DATA EXCERPTS:
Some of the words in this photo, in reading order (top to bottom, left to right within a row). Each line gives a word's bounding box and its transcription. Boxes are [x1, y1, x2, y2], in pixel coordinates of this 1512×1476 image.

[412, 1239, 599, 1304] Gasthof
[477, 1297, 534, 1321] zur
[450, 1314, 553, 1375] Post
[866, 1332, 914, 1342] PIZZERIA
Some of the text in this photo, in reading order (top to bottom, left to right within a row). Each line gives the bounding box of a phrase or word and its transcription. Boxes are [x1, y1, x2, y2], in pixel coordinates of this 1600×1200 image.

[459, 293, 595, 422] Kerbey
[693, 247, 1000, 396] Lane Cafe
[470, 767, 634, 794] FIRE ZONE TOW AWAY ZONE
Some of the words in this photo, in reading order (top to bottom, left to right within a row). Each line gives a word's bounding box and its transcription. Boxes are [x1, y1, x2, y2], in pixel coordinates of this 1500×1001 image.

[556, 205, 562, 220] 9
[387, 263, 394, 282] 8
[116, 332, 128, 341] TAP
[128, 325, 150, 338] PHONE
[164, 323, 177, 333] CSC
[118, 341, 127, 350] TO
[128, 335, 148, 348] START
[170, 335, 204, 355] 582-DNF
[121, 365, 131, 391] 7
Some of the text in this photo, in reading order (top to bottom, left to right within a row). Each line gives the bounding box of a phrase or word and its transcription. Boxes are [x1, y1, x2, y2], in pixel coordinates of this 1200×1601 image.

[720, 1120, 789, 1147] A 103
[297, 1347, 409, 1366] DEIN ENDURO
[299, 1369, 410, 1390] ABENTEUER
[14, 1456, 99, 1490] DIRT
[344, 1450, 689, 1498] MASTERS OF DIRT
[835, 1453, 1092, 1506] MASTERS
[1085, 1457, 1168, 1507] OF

TASK TO CARRY OUT: Every entry must be set down exactly, with nothing left out.

RESPONSE TO THE TASK:
Some of the words in this photo, in reading order (top to bottom, left to right within a row). Each line gives a word's bounding box and its transcription. Boxes are [x1, y1, x2, y2], in pixel coordinates of this 1512×1476 image.

[412, 1239, 599, 1304] Gasthof
[477, 1297, 534, 1321] zur
[450, 1314, 553, 1375] Post
[866, 1332, 914, 1342] PIZZERIA
Some of the text in this photo, in reading order (top to bottom, left to right within a row). Each line gives the bounding box of a phrase or word and its transcription. Boxes are [x1, y1, x2, y2], in pixel coordinates of this 1600×1200 image.

[459, 293, 595, 422] Kerbey
[693, 247, 1000, 396] Lane Cafe
[470, 767, 634, 794] FIRE ZONE TOW AWAY ZONE
Some of the words in this photo, in reading order (top to bottom, left to right within a row). Each line gives a word's bounding box and its transcription. Boxes are [x1, y1, x2, y2], in pixel coordinates of this 1500×1001 image.

[556, 205, 562, 220] 9
[387, 263, 394, 282] 8
[116, 332, 128, 341] TAP
[128, 325, 150, 338] PHONE
[164, 323, 177, 333] CSC
[118, 341, 127, 350] TO
[128, 335, 148, 348] START
[170, 335, 204, 355] 582-DNF
[121, 365, 131, 391] 7
Some of the text in this photo, in reading order (top to bottom, left to right within a row). Each line gives the bounding box of a phrase or word and its transcription. Boxes are [x1, y1, x2, y2], in pixel coordinates of this 1200×1601 image.

[720, 1120, 789, 1147] A 103
[297, 1347, 409, 1366] DEIN ENDURO
[299, 1369, 410, 1390] ABENTEUER
[14, 1456, 99, 1490] DIRT
[344, 1450, 689, 1498] MASTERS OF DIRT
[835, 1453, 1092, 1506] MASTERS
[1085, 1457, 1168, 1507] OF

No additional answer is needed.